The most powerful asset in a police officer's arsenal is public support. Anything that erodes that support reduces the ability of an officer to successfully discharge his/her responsibility on behalf of the public. For that reason, law enforcement use of the conducted energy weapon (CEW),1 and other use of force techniques, is a public policy issue.  The very nature of policing and the dynamics of the relationship between the police and those who are policed call into question actions and techniques vested with law enforcement personnel that would otherwise be illegal to most citizens. 

The police need tools and techniques that enable them to justifiably and reasonably do their job of enforcing laws and protecting society, while at the same time protecting themselves.  On the other hand, citizens have the right not to be subject to unreasonable police practices and behaviours that constitute abuse and erode civil liberties.  Because of this dynamic relationship, policing policies are critical to the public's perception of the police in that they establish standards by which the RCMP as a whole and its members individually may be held accountable.  As such, policy development is central to police governance. 

The CEW is currently one of several use of force weapons available to law enforcement.  As such, the CEW has a role in specific situations that require less than lethal alternatives to reduce the risk of injury or death to both the officer and the individual when use of force is required.  In other words, it is an option in cases where lethal force would otherwise have been considered.  However, CEW use has expanded to include subduing resistant subjects who do not pose a threat of grievous bodily harm or death and on whom the use of lethal force would not be an option.   The question to be addressed then is in what situations are CEWs not appropriate for use. 

The Commission for Public Complaints Against the RCMP (Commission) is not recommending an outright moratorium on CEW use by the RCMP, as the weapon has a role in certain situations.  Rather, the CEW needs to be appropriately classified in use of force models for very specific behaviours involving very specific situations.  This means restricting the use of the CEW in both push stun and probe modes and classifying it an "impact weapon", permissible only in those situations where an individual is behaving in a manner classified as being "combative" or posing a risk of "death or grievous bodily harm." 

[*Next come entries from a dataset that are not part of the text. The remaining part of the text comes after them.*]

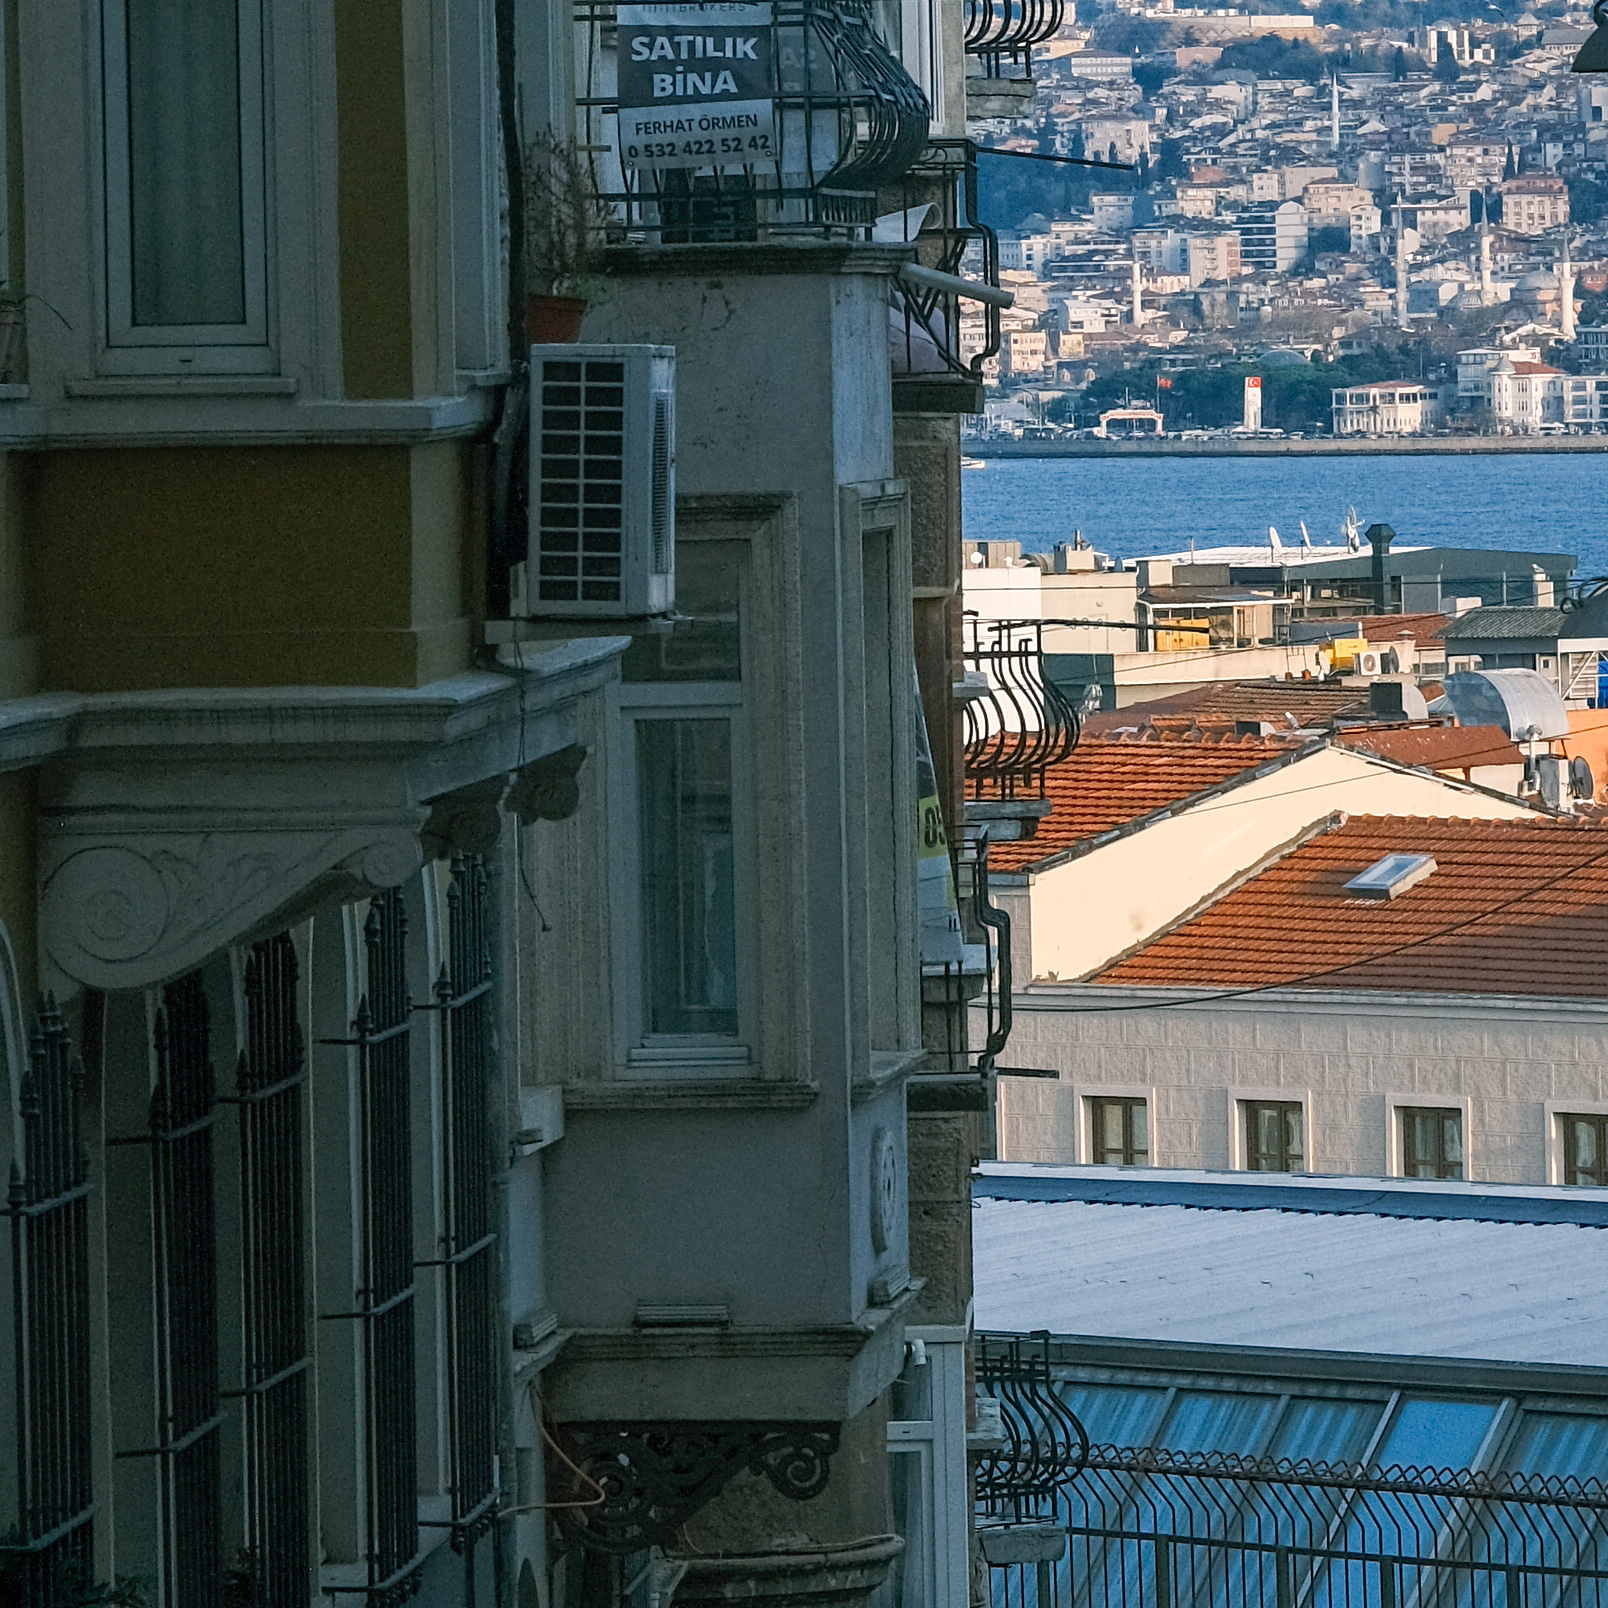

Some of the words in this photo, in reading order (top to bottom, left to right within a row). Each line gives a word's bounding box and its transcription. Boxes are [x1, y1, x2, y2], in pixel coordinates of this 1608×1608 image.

[631, 35, 759, 62] SATILIK
[653, 65, 739, 98] BİNA
[635, 118, 695, 136] FERHAT
[698, 113, 759, 132] ÖRMEN
[628, 145, 639, 158] 0
[644, 142, 678, 158] 532
[682, 139, 716, 156] 422
[721, 137, 744, 153] 52
[748, 134, 770, 151] 42
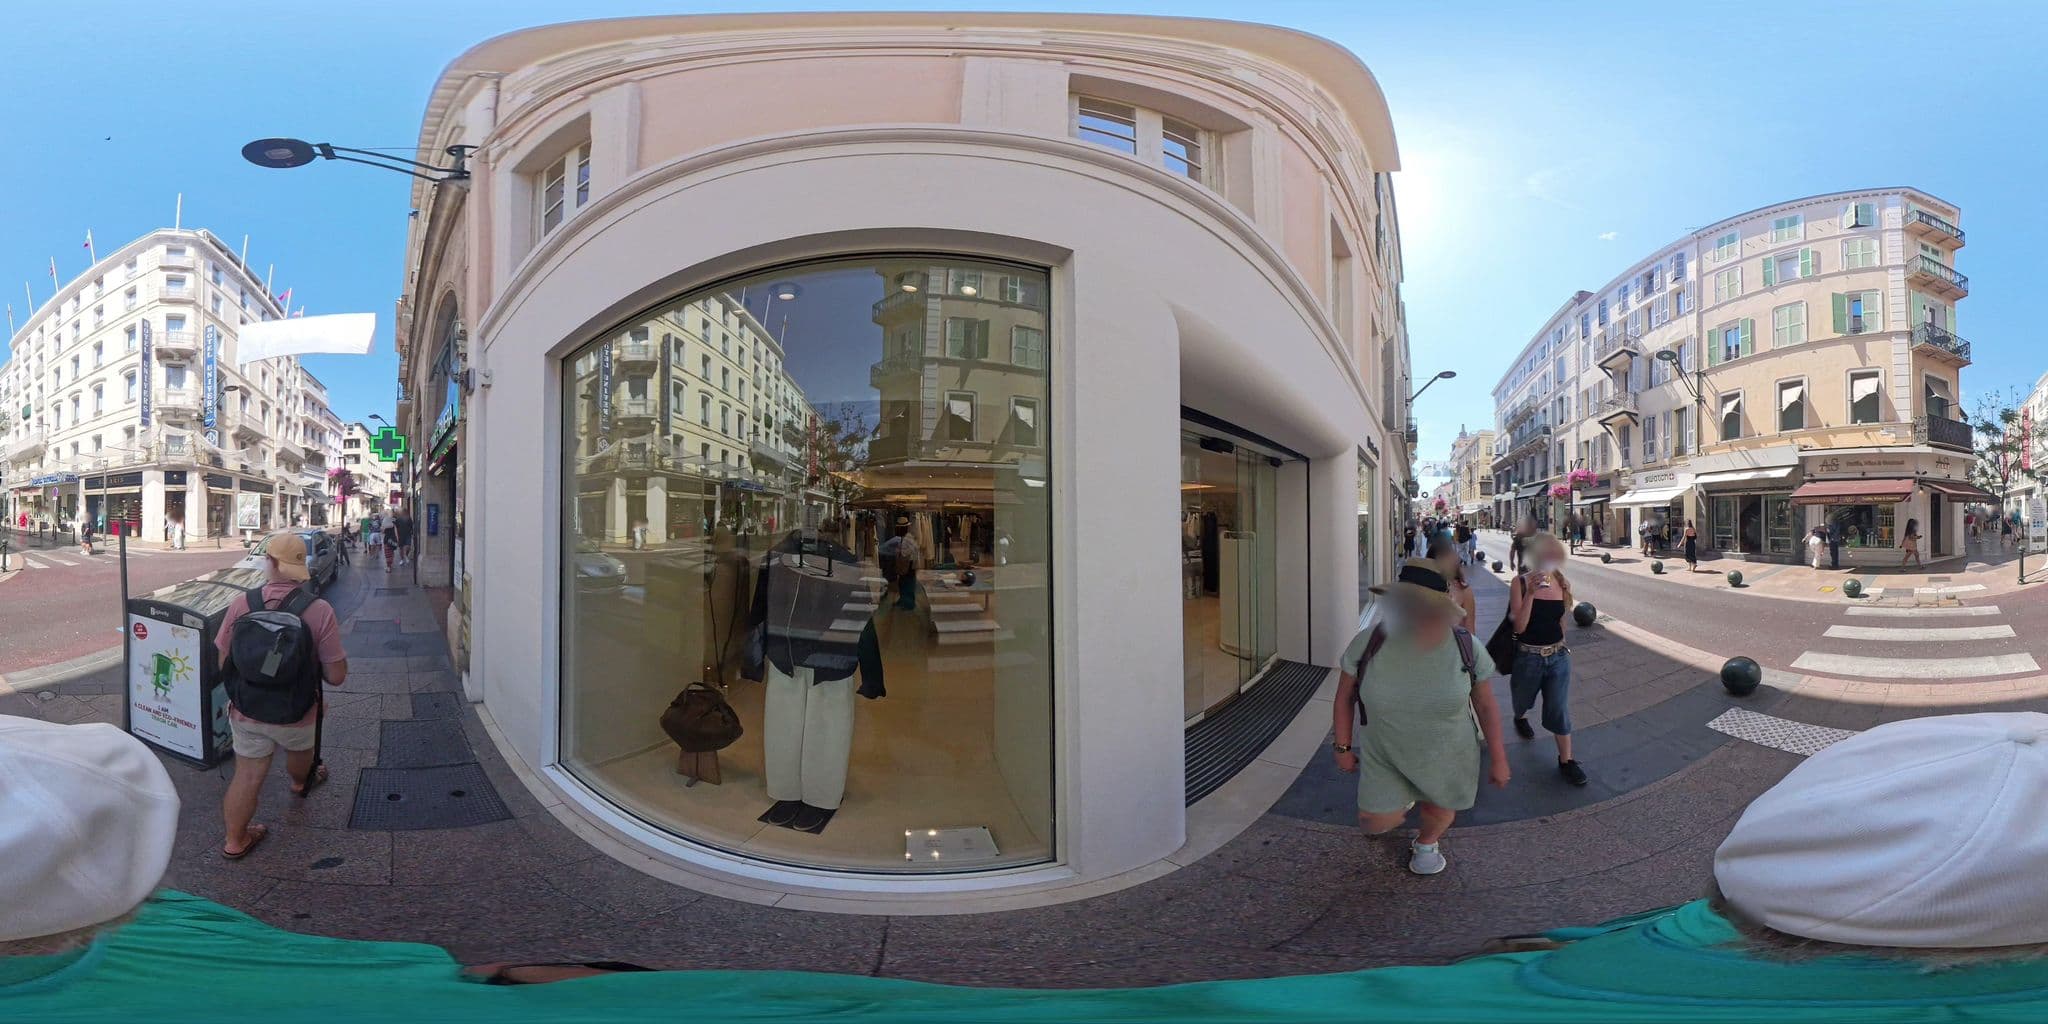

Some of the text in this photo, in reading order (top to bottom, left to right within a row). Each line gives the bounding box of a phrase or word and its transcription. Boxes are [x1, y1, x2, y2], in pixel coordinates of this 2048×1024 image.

[1645, 473, 1668, 484] swatch
[137, 703, 152, 713] CLEAN
[152, 709, 162, 717] AND
[162, 712, 197, 730] ECO-FRIENDLY
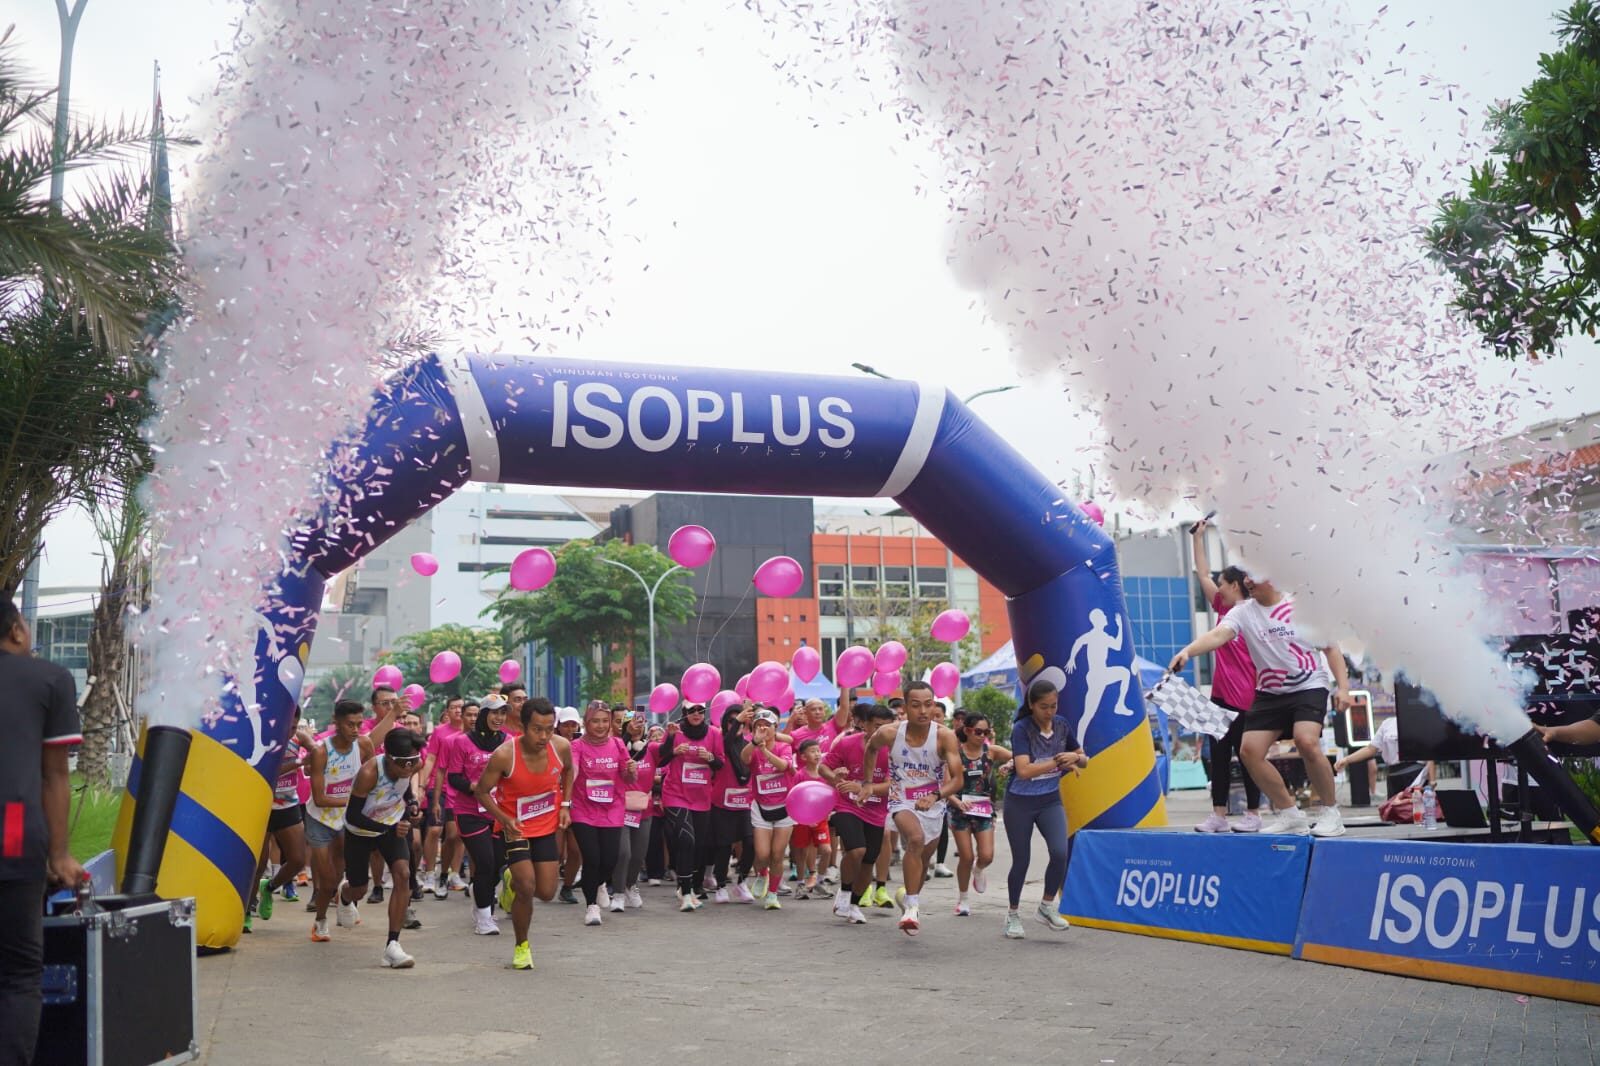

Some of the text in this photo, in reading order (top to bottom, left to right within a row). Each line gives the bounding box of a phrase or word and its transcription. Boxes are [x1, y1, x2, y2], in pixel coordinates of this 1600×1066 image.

[552, 367, 679, 382] MINUMAN ISOTONIK
[552, 380, 855, 452] ISOPLUS
[1384, 854, 1475, 868] MINUMAN ISOTONIK
[1116, 869, 1220, 908] ISOPLUS

Current RCMP policy classifies the CEW as an "intermediate" device placing it in the same category as oleoresin capsicum spray.  This classification permits use of the weapon for those situations where an individual is exhibiting behaviours that are deemed "resistant", and not just "combative" or posing a risk of "death or grievous bodily harm" to the officer, themselves or the general public.  It is the position of the Commission that the placement of the CEW as an "intermediate" device authorizes deployment of the weapon earlier than reasonable. 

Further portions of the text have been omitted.